Don-Tol is a small unincorporated community in southeastern Wharton County, in the U.S. state of Texas. The community is located along FM 1301 southeast of Boling. There is a Don-Tol sign on FM 1301 at County Road 100. The name was used by Mexican workers to address William Toliver Taylor, the owner of a post-Civil War sugar cane plantation.

==History==
The Taylor family moved to Texas in 1846. After the Civil War, brothers William Toliver Taylor and Solomon Tyre Taylor became partners with G. C. Duncan, who owned 583 acre of land in eastern Wharton County. The venture was a success and the two men bought Duncan's acreage. The Taylors expanded their property to 12000 acre, growing corn, cotton, sugar cane, and other crops. The brothers hired Mexican workers to farm their land and the laborers began calling Toliver "Don Tol" in the Spanish style. When the Taylors split the plantation, Tyre named his western half Parkdale, while Toliver named his eastern portion Don Tol. The brothers' hog pasture was sold to the Texas Gulf Sulphur Company and became the town of Newgulf.

In 1936, there was a factory in Don-Tol. Five years later, its school was absorbed by the Boling Independent School District. A descendant of Toliver, Glenn B. Taylor was killed during World War II when his plane went down in French Indochina.
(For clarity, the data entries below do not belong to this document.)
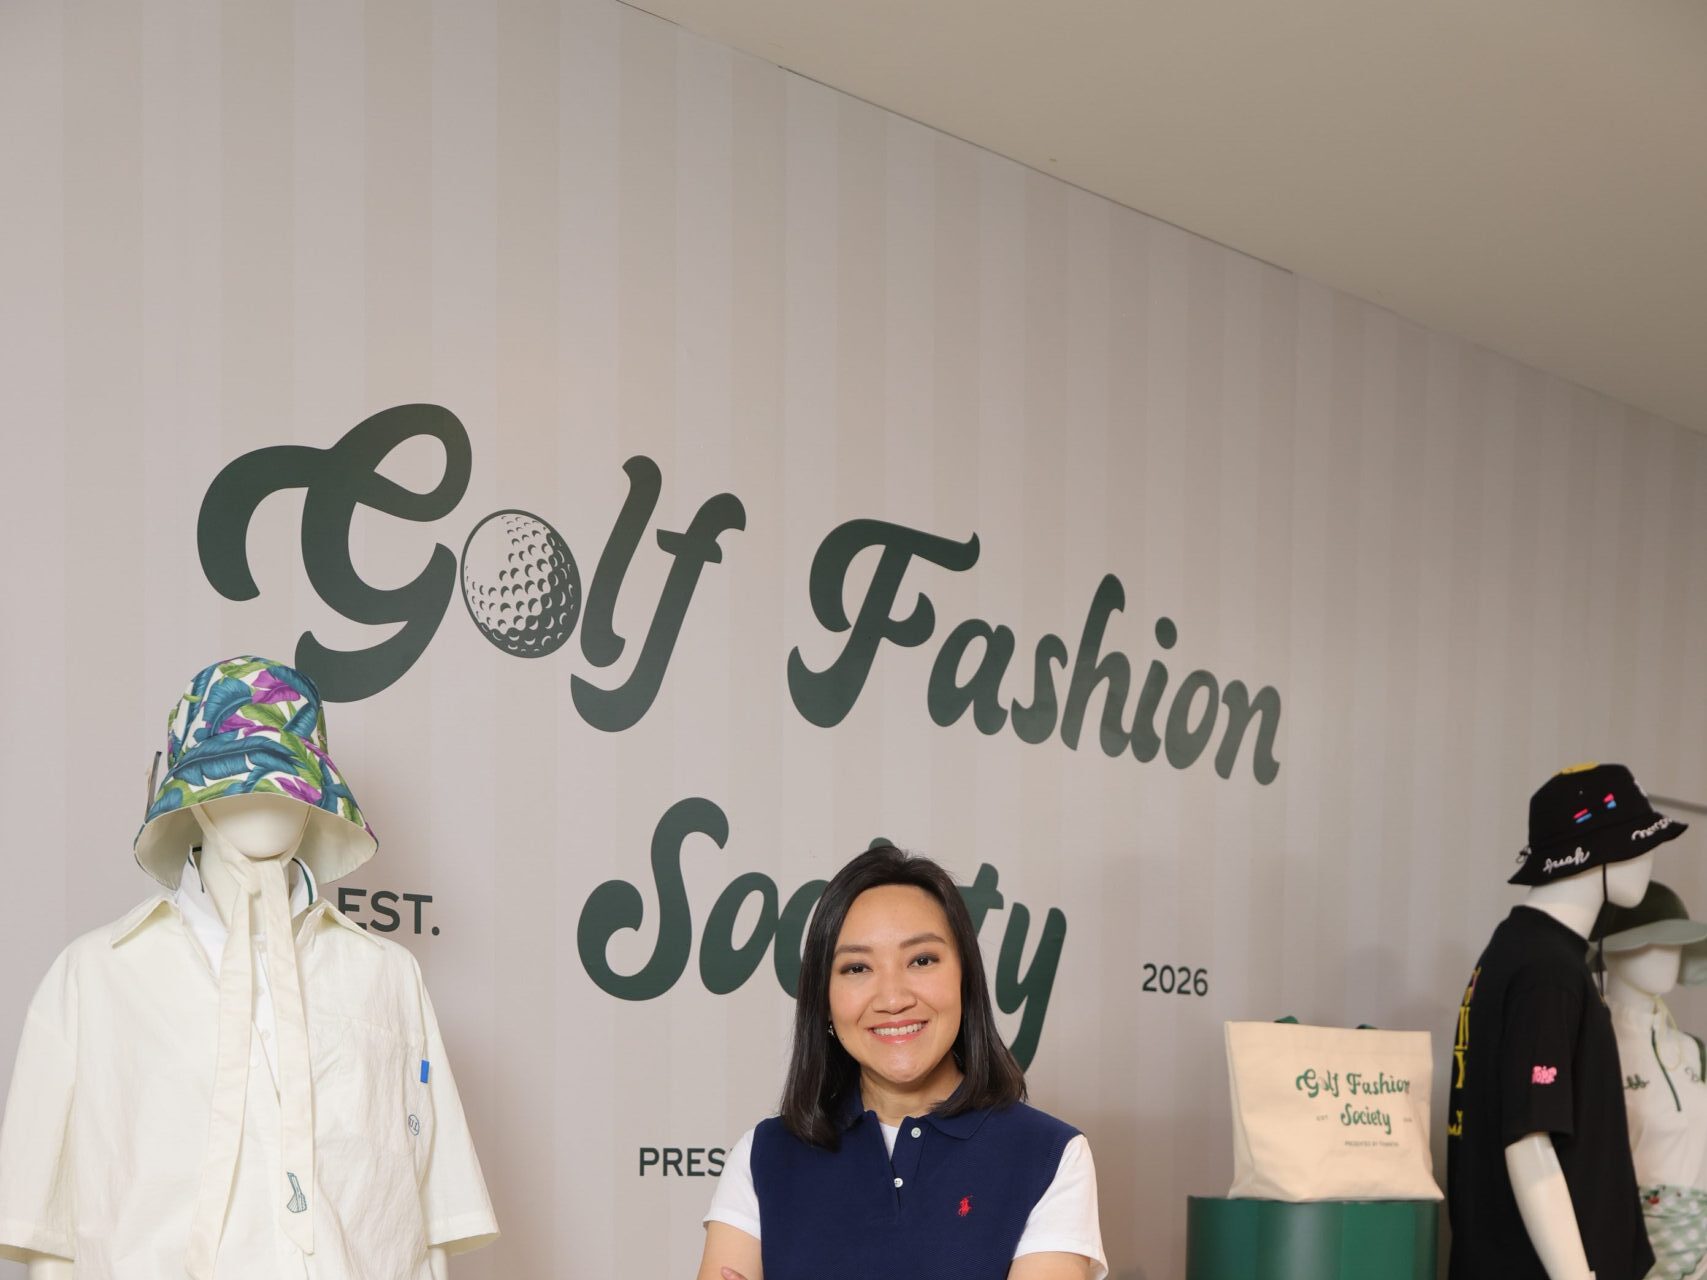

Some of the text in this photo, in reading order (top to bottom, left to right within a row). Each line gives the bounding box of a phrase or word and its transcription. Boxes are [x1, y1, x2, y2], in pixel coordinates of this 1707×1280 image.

[196, 402, 1281, 786] Golf Fashion
[337, 887, 440, 936] EST.
[1142, 963, 1209, 997] 2026
[1340, 1102, 1392, 1136] Society
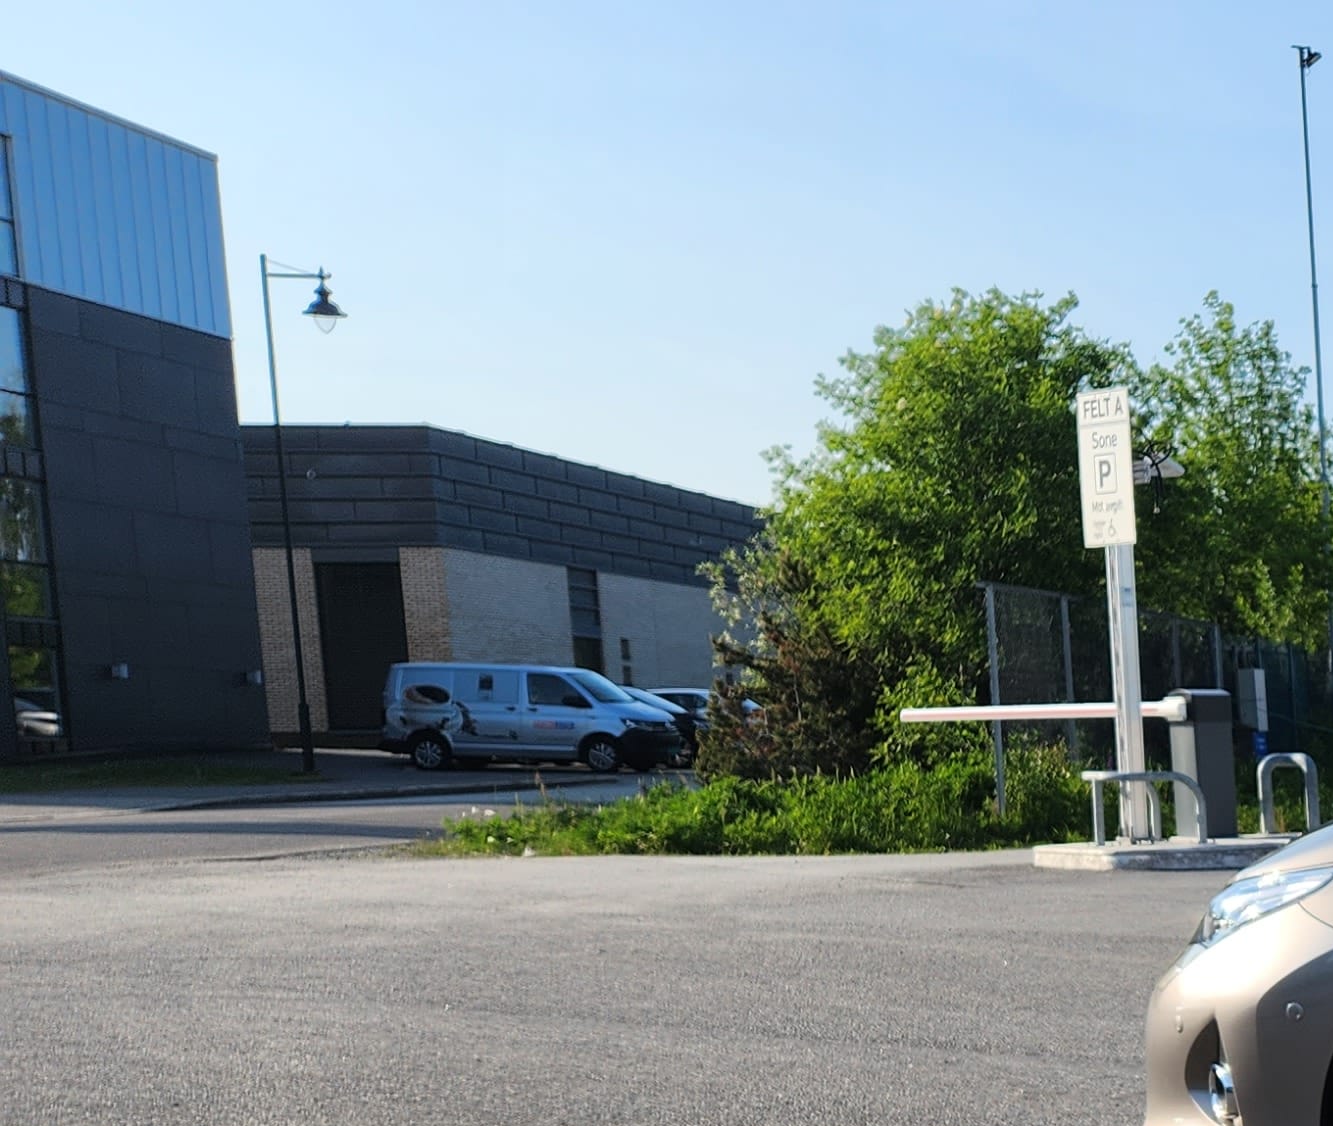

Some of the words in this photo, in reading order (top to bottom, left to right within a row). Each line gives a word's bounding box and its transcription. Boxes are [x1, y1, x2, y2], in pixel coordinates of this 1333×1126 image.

As recently as 1989, the Southern Pacific Railroad ran north and south along FM 1301, while the Atchison, Topeka and Santa Fe Railway ran east and west along the path of the present-day electric transmission lines. Both sets of railroad tracks were gone in 2014.

==Geography==
Don-Tol is on FM 1301 at the intersection of County Road 101, also known as Dontol Road, a distance of 3.6 mi southeast of Boling, 15.0 mi southeast of Wharton and 2.8 mi north of Pledger, a community in Matagorda County. Caney Creek meanders through the area toward the south. There is a business located at County Road 101 and FM 1301. The Don-Tol sign is located to the south at the County Road 100 junction. To the north, there is an electric power sub-station where an overhead transmission line runs east and west.